If you’re gonna call your movieĀ American Scumbags, you’ve put yourself in a position where you’ve got to live up (or should that be down?) to that name. Fortunately, Denver underground filmmaker Dakota Bailey — who not only wrote and directed the 2016 production he put that title on, but stars in it under the pseudonym of Dakota Ray — seems to know of which he speaks, and has his finger firmly on the pulse of the world of sleazoids and sickos. In other words, he’s our kind of guy.

Filmed — okay, shot on cam — for the princely sum of $1,000 and recently made available for streaming on Amazon Prime (don’t ask me about its availability on Blu-ray or DVD, I honestly have no idea), this thing feels pretty grimy and follows the lives of three pretty grimy figures whose stories are interlinked in ways obvious and less so : psycho con Billy (played by Darrien Fawkes), drug lord Chester (Fred Epstein), and low-rent dealer/hit man Johnny (Bailey/Ray). None of ’em are likable, all of ’em are disreputable as shit, and the unprofessionalism of the performers is a real asset in each of their cases, as they come off as being seriously fucking real people. Just not the kind of “real people” you’d ever want to know — which is rather the point here.

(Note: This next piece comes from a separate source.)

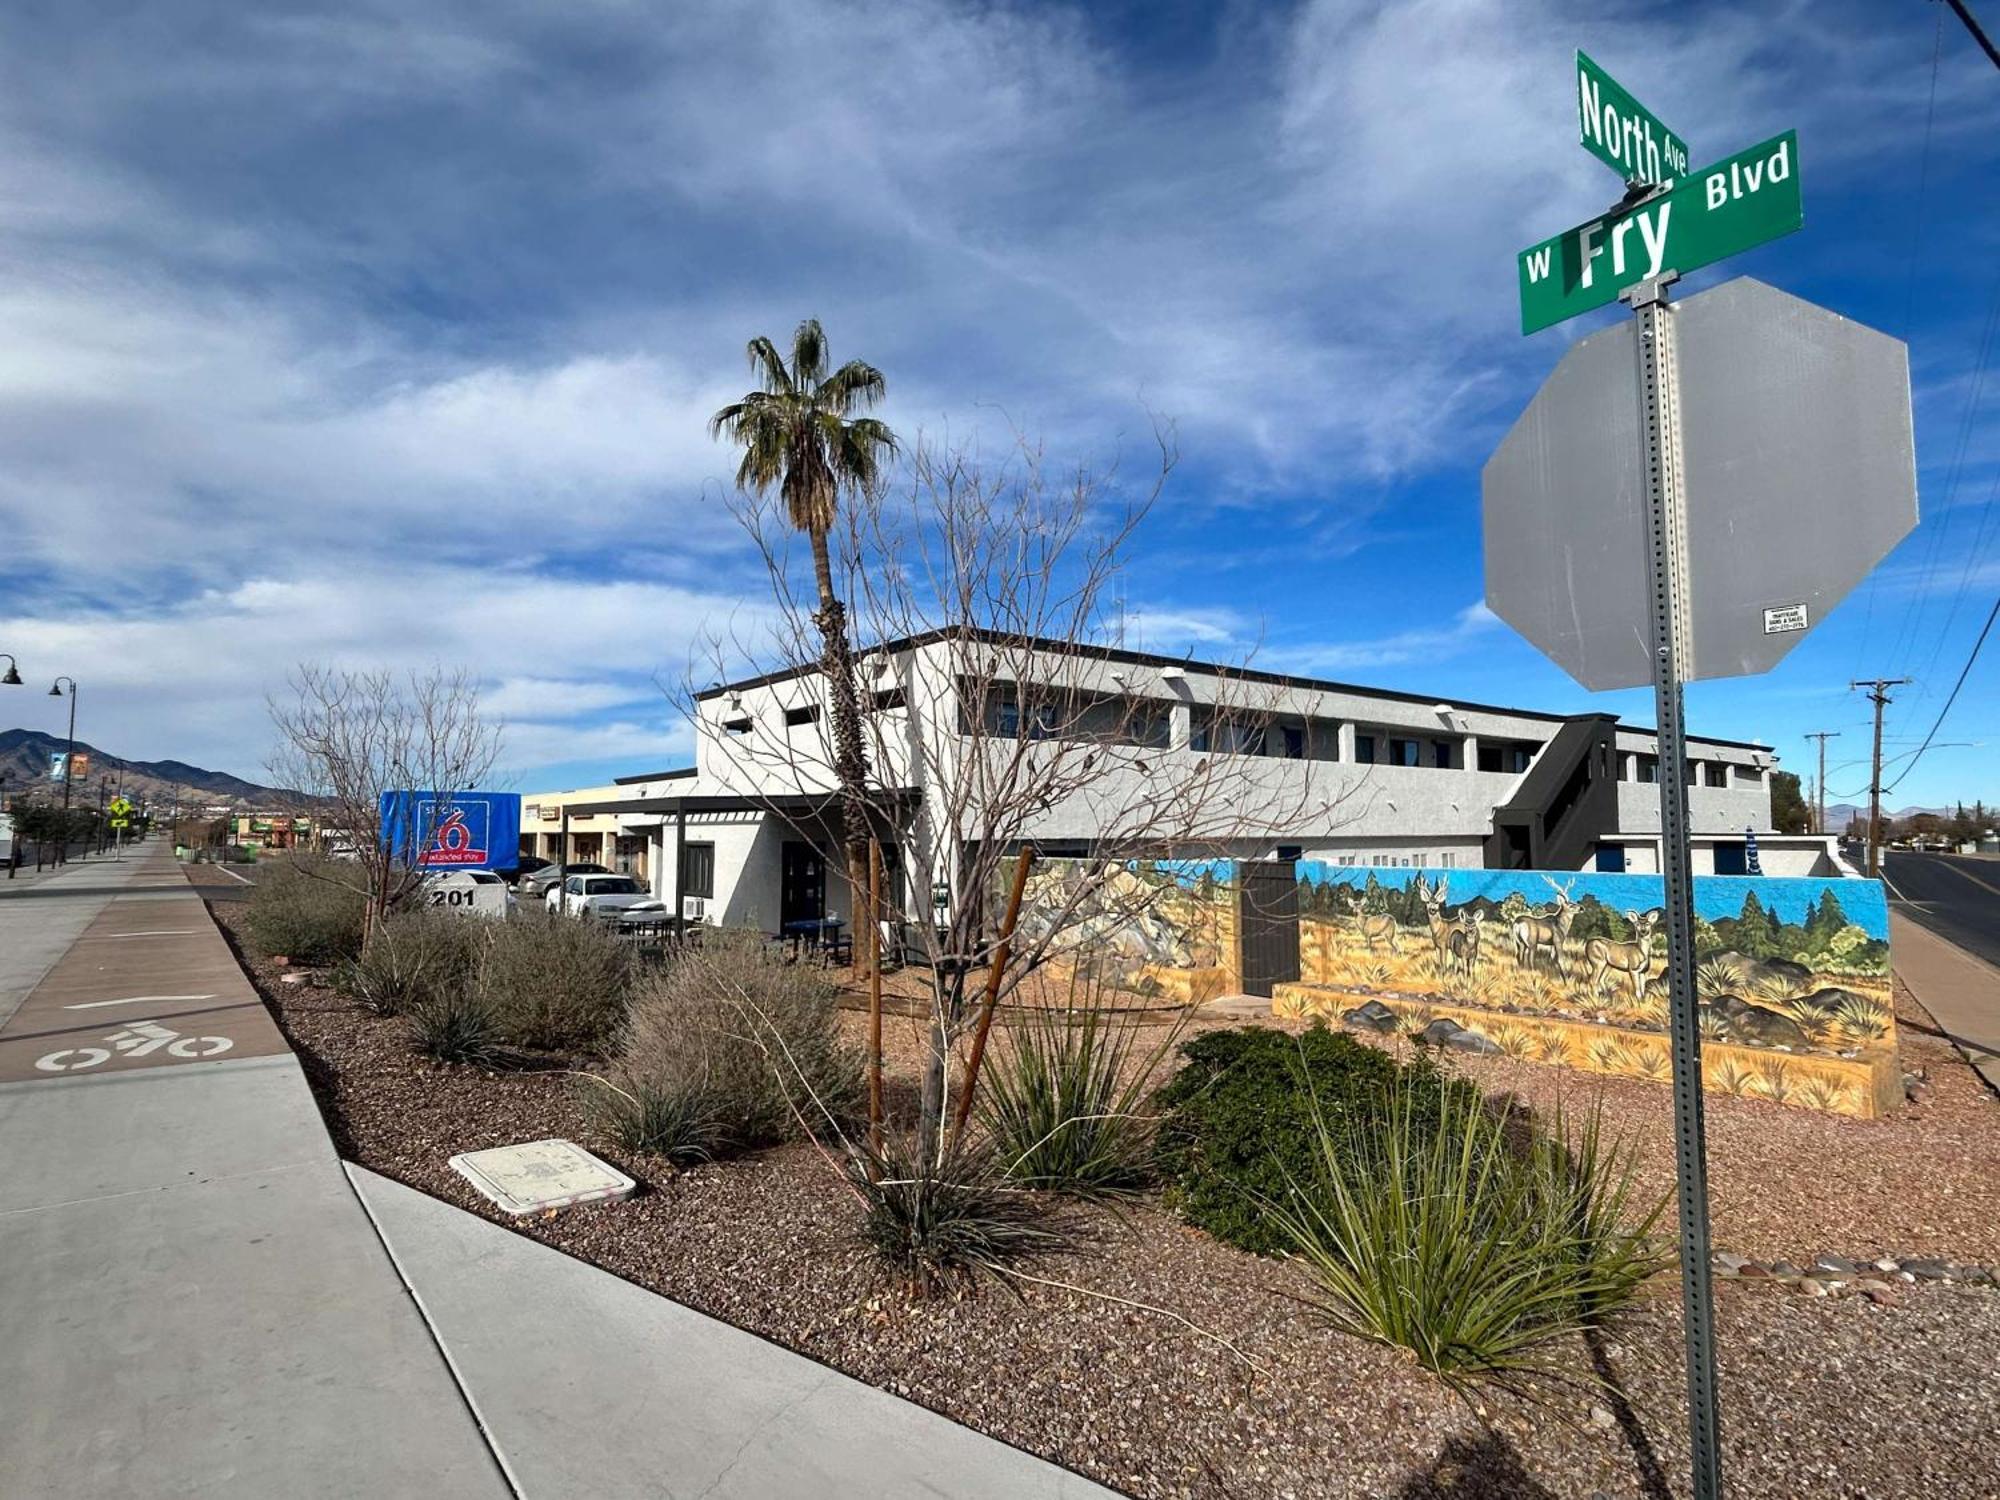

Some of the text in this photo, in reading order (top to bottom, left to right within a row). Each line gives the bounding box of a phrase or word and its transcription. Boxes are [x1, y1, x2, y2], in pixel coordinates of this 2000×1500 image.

That being said, if drive-in/grindhouse revivalism isn’t your bag (in which case, what are you doing reading this site?), you might not find a whole lot to latch onto in this flick. There are no “heroes” to be found, there are no empathetic moments for everyone to relate to, and there damn sure isn’t going to be anything like a “happy ending” for anybody. But so what? If you’ve ever known an “American scumbag” yourself — even at a safe remove — you’re going to recognize this film’s over-arching great strength right from the outset, that being its rock-solid authenticity.

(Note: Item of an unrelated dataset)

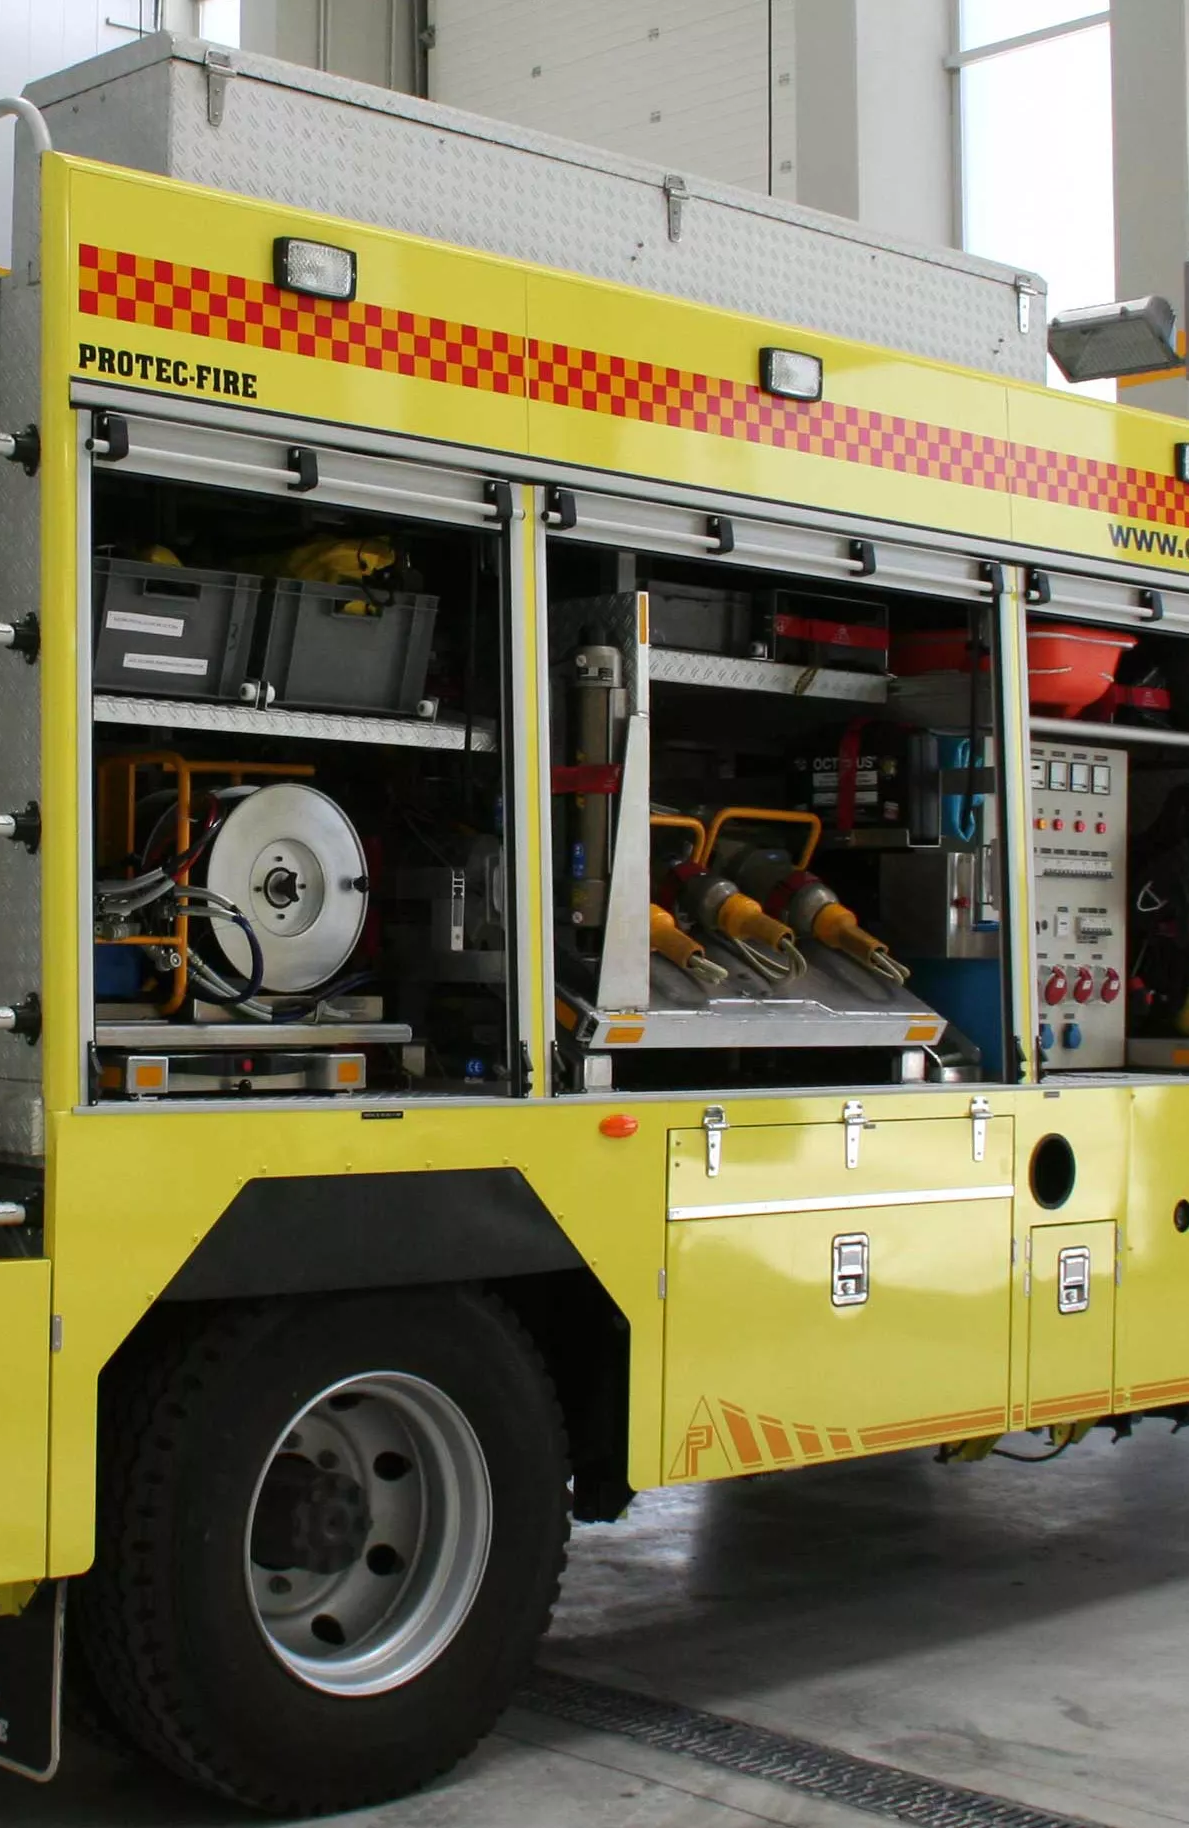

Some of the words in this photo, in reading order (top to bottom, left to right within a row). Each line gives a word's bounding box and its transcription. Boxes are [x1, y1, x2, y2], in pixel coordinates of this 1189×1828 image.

[78, 342, 258, 399] PROTEC-FIRE
[1107, 522, 1189, 560] www.
[813, 756, 874, 771] OCTUS

There’s some really solid work turned in by the supporting cast here, as well — I’m going to give a special nod to Bianca Valentino for her turn as Angel (you can probably guess her occupation) — and perhaps the most impressive thing about Bailey’s entire dime-store opus is the fact that no one here appears to think they’re “slumming it,” despite the fact that the characters they play are doing nothing but. There’s a violent undercurrent to these peoples’ lives — even when there’s no overt violence taking place on the screen — and while the Tarantino comparisons are probably going to be inevitable, there’s no stylish sheen to any of this. It’s the real, raw deal — right from the streets and into your living room.

So, yeah, consider me impressed — Bailey has an intuitive understanding of how to best use his lack of resources to his advantage, his cast is way better than it probably has any right to be, his cinematography is suitably gritty, his story is a no-bullshit account of underworld life, and his editing ties the whole thing together seamlessly. This is a movie I could easily see myself checking out again and again over the years, precisely because it offers a privileged glimpse into a world I’m damn glad I have nothing to do with.

That doesn’t mean I don’t mind visiting it, though.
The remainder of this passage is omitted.